Analysis of the Bottle Rocket pattern in the stock market

This is our second generation model. The models for the first generation analysis were summarized on October 17, 2017. A lot has happened since then. This analysis was done on August 4, 2018. We have achieved a major improvement in the results. Please see the Summary below.

import sys
import platform
import numpy as np
import pandas as pd
import platform
import matplotlib
from matplotlib import pyplot as plt
%matplotlib inline
from imblearn.over_sampling import SMOTE
from tabulate import tabulate
import itertools
from copy import copy
from sklearn.externals import joblib

import tpot
from tpot import TPOTClassifier
from tpot.builtins import StackingEstimator
from tpot.export_utils import export_pipeline
from tpot.export_utils import generate_pipeline_code, get_by_name
from tpot.operator_utils import TPOTOperatorClassFactory

import sklearn
from sklearn.externals import joblib
from sklearn.ensemble import ExtraTreesClassifier
from sklearn.preprocessing import Normalizer, FunctionTransformer
from sklearn.kernel_approximation import Nystroem
from sklearn.model_selection import train_test_split
from sklearn.pipeline import make_pipeline, make_union
from sklearn import metrics
from sklearn.metrics import roc_auc_score, roc_curve, classification_report
from sklearn.metrics import confusion_matrix, accuracy_score, mean_squared_error
from sklearn.metrics import f1_score, precision_score, recall_score, log_loss, r2_score
from sklearn.metrics import precision_recall_curve
print('Operating system version....', platform.platform())
print("Python version is........... %s.%s.%s" % sys.version_info[:3])
print('scikit-learn version is.....', sklearn.__version__)
print('pandas version is...........', pd.__version__)
print('numpy version is............', np.__version__)
print('matplotlib version is.......', matplotlib.__version__)
print('tpot version is.............', tpot.__version__)
Operating system version.... Windows-10-10.0.17134-SP0
Python version is........... 3.6.5
scikit-learn version is..... 0.19.1
pandas version is........... 0.23.0
numpy version is............ 1.14.2
matplotlib version is....... 2.2.2
tpot version is............. 0.9.3

The LoadData routiine is used to read the Bottle Rocket dataset, and create training and testing datasets

def LoadData():
    global feature_names, response_name, n_features

    pth = 'https://raw.githubusercontent.com/CBrauer/CypressPoint.github.io/master/model-13-1.csv'
    model_full = pd.read_csv(pth)

    response_name = ['Altitude']
    feature_names = ['BoxRatio', 'Thrust', 'Velocity', 'OnBalRun', 'vwapGain']
    n_features = len(feature_names)
    mask = feature_names + response_name

    model = model_full[mask]
    print('Model dataset:\n', model.head(5))
    # print('\nDescription of model dataset:\n', model[feature_names].describe(include='all'))

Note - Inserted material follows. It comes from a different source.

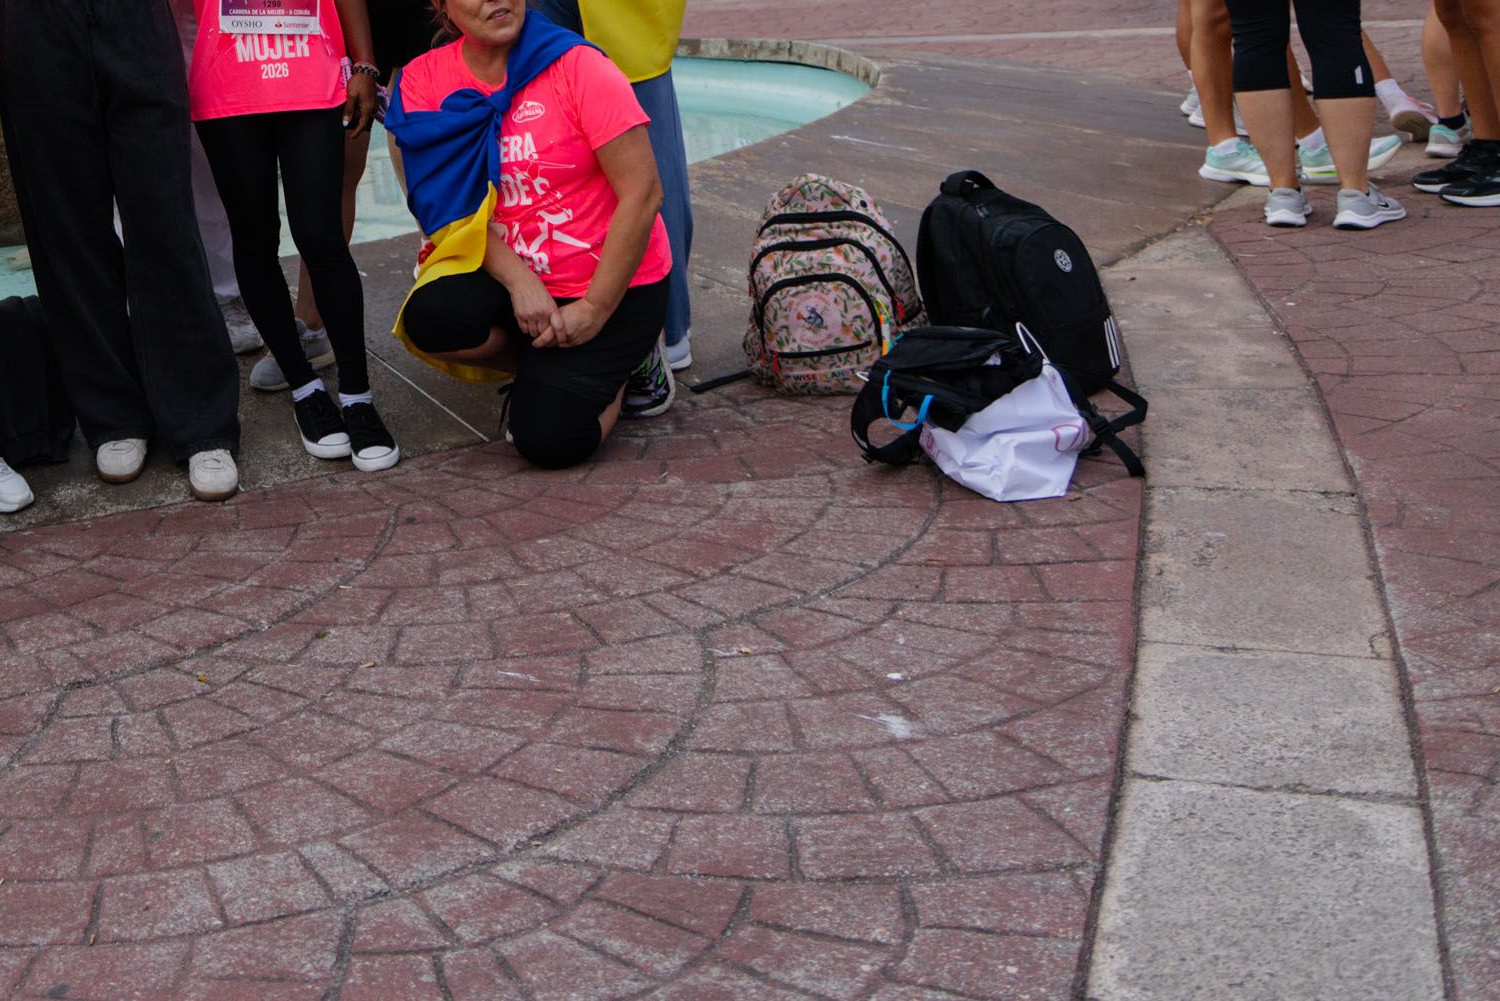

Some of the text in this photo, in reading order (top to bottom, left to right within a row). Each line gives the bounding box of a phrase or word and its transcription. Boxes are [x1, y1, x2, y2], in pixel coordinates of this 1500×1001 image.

    # Correlation_plot(model)

    X = model[feature_names].values
    y = model[response_name].values.ravel()

    sm = SMOTE(random_state=12)
    X_resampled, y_resampled = sm.fit_sample(X, y)

    X_train, X_test, y_train, y_test = train_test_split(X_resampled,
                                                        y_resampled,
                                                        test_size = 0.3,
                                                        random_state = 0)
    print('Size of resampled data:')
    print(' train shape... ', X_train.shape, y_train.shape)
    print(' test shape.... ', X_test.shape, y_test.shape)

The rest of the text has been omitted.